_Aim of the task_:
Restate all entries exactly. Skip the images.

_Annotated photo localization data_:
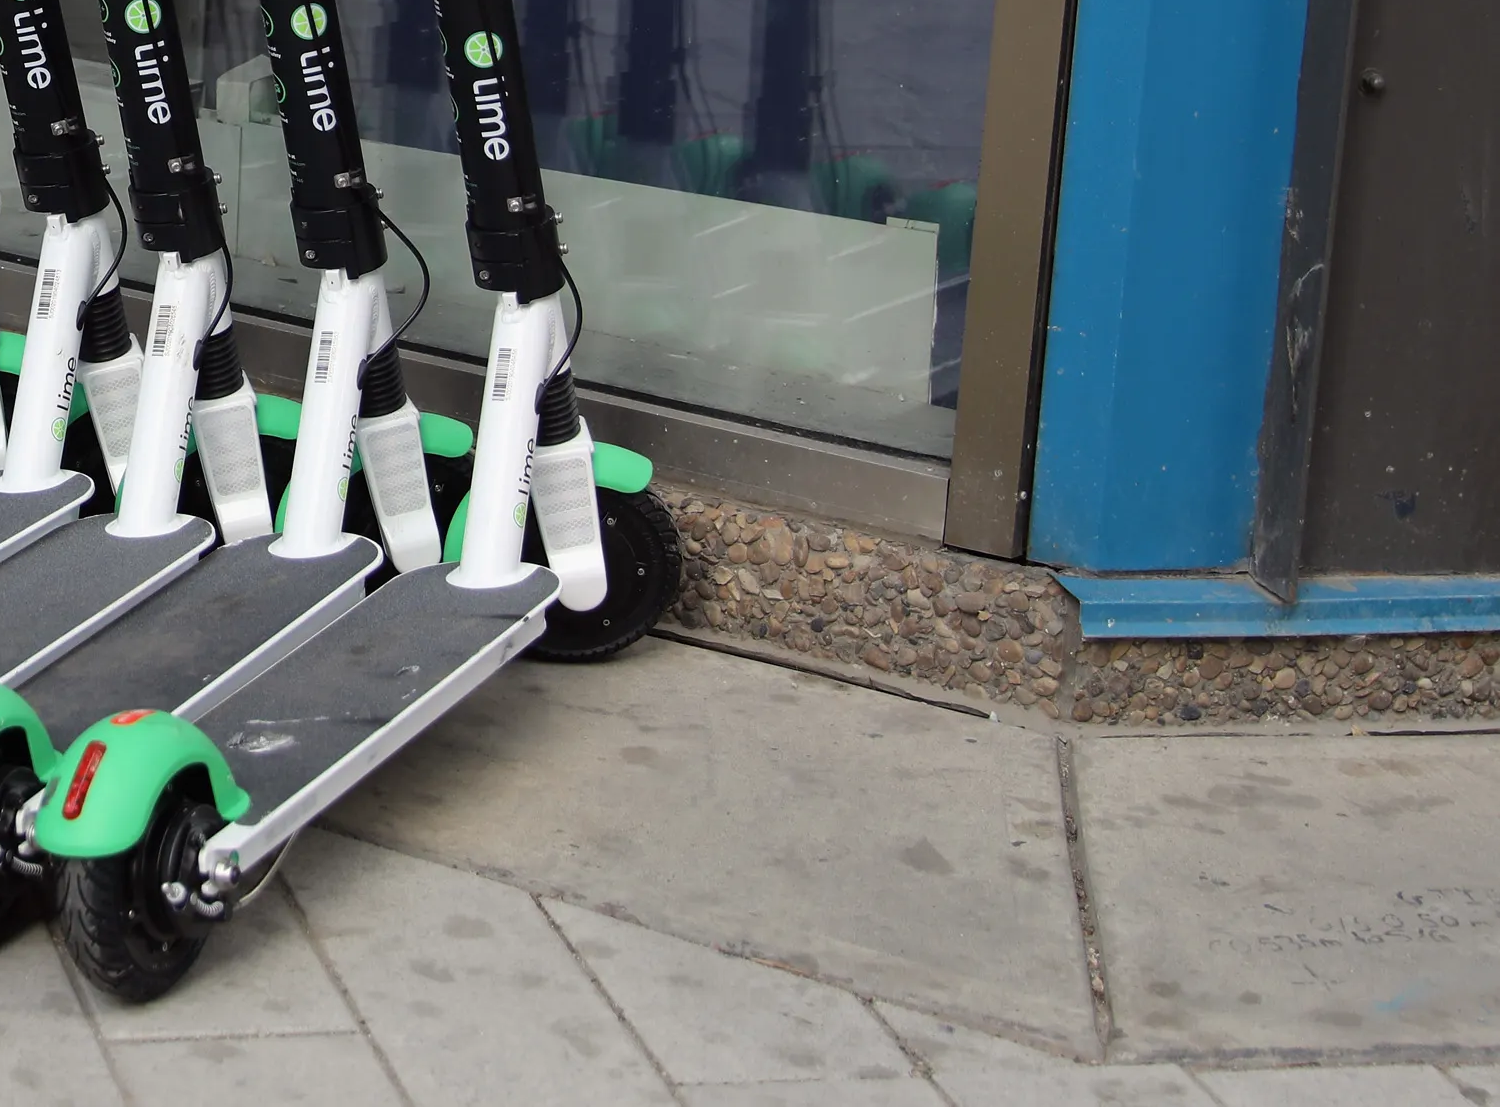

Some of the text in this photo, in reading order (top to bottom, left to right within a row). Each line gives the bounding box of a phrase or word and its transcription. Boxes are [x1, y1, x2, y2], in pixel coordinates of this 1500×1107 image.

[13, 7, 52, 90] Lime
[134, 39, 172, 125] Lime
[299, 45, 336, 132] Lime
[472, 75, 510, 161] Lime
[56, 358, 77, 412] Lime
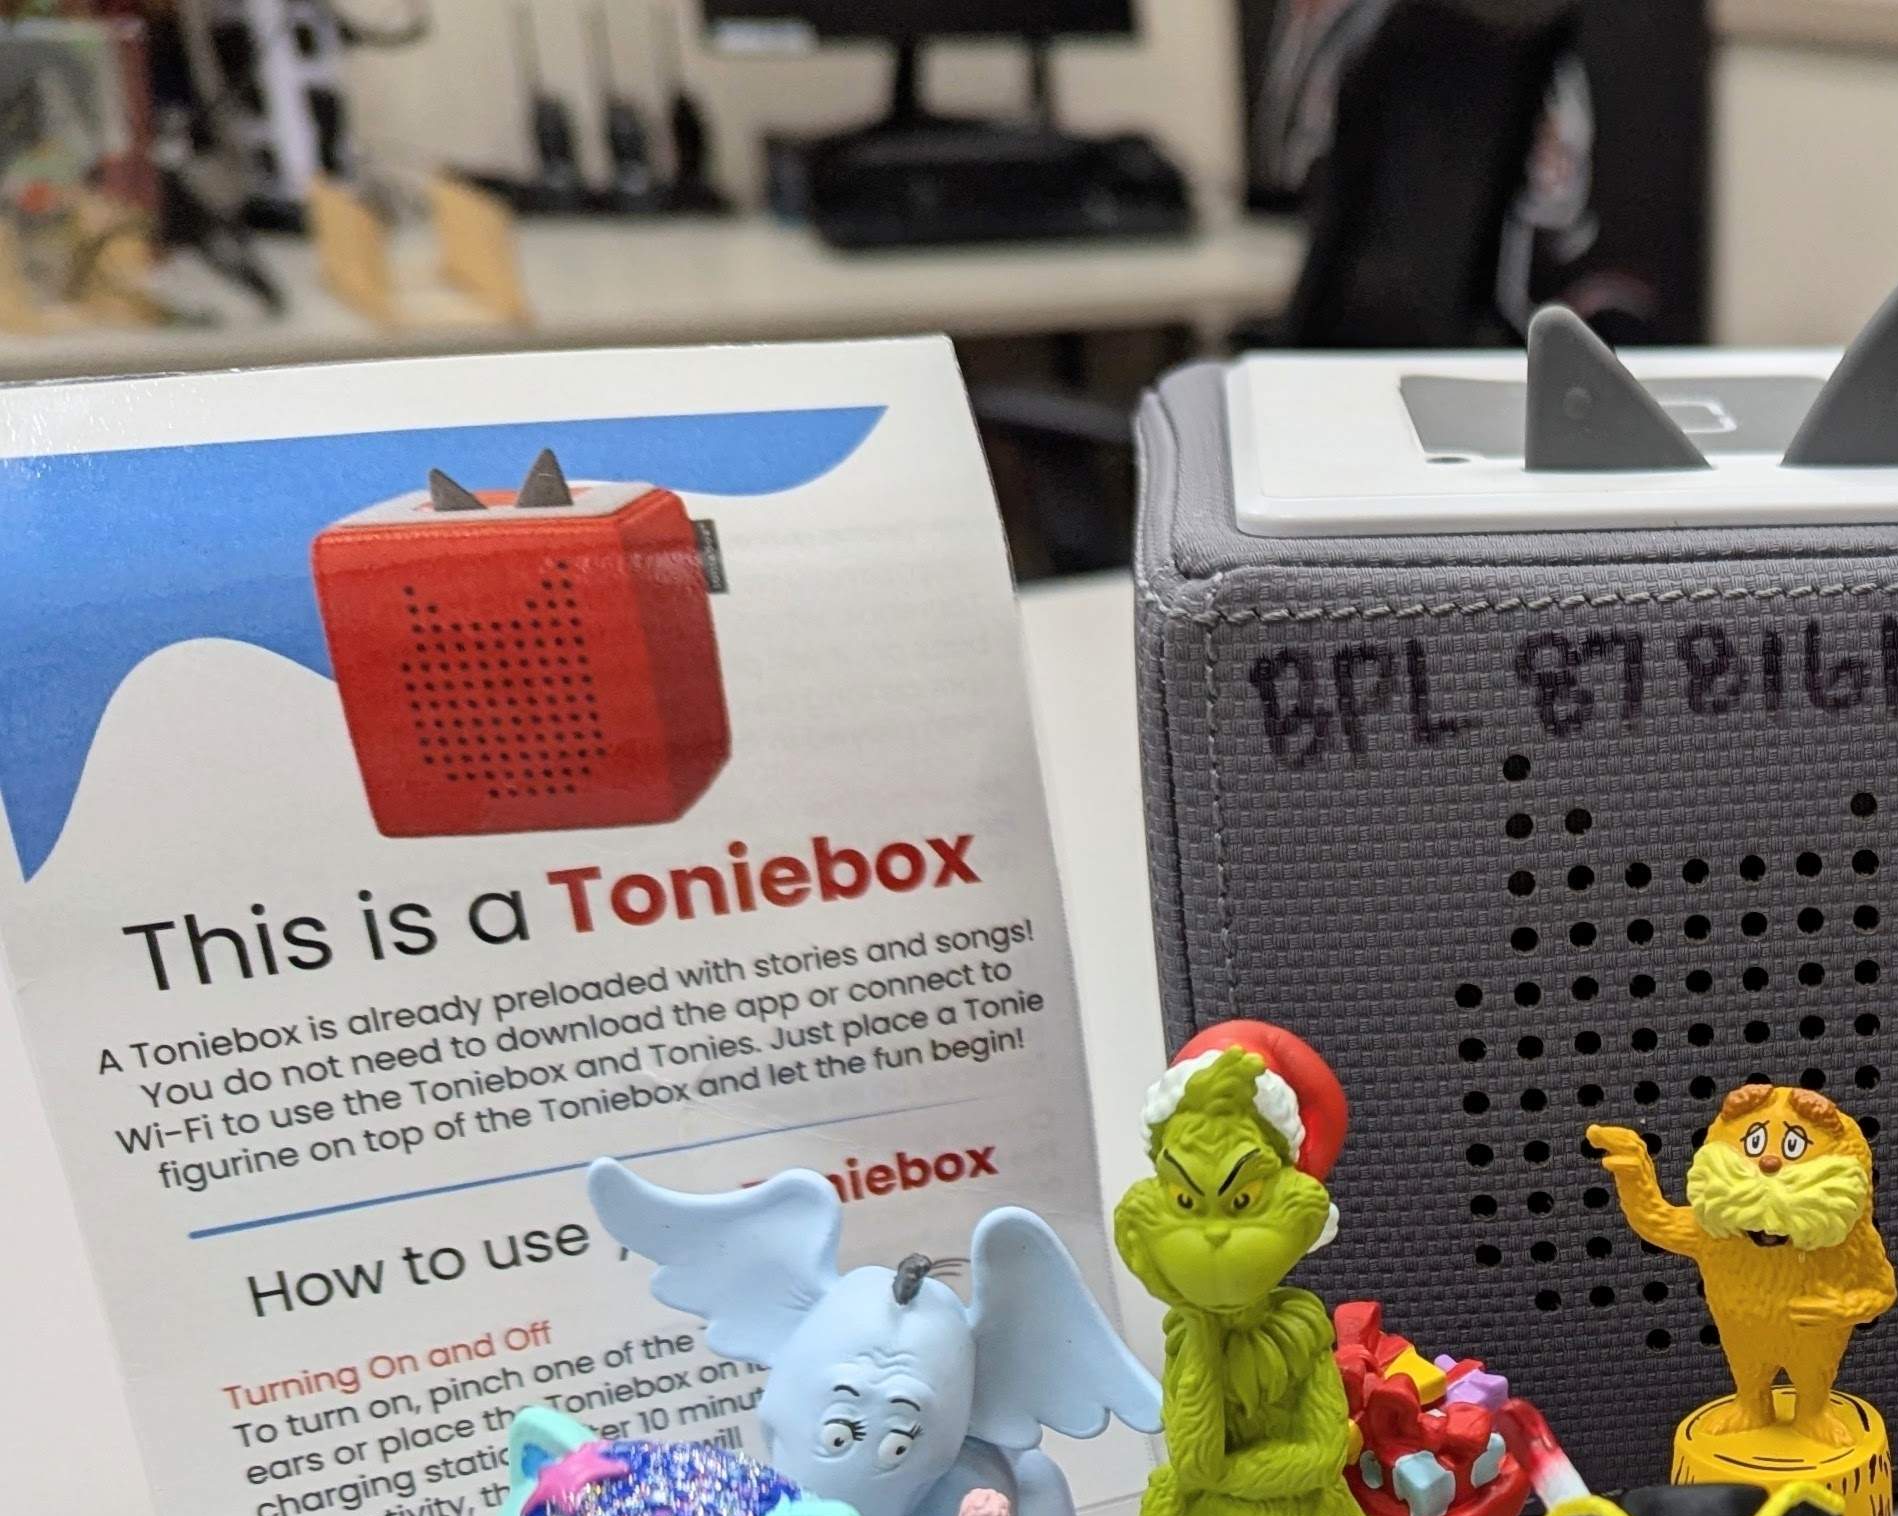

_Answer box_:
Some of the text in this photo, in reading order (top to bottom, left to right within a row). Each line gives the bounding box of a phrase or word and its transcription. Boxes are [x1, y1, x2, y2], in pixel coordinates of this 1500×1107 image.

[13, 7, 52, 90] Lime
[134, 39, 172, 125] Lime
[299, 45, 336, 132] Lime
[472, 75, 510, 161] Lime
[56, 358, 77, 412] Lime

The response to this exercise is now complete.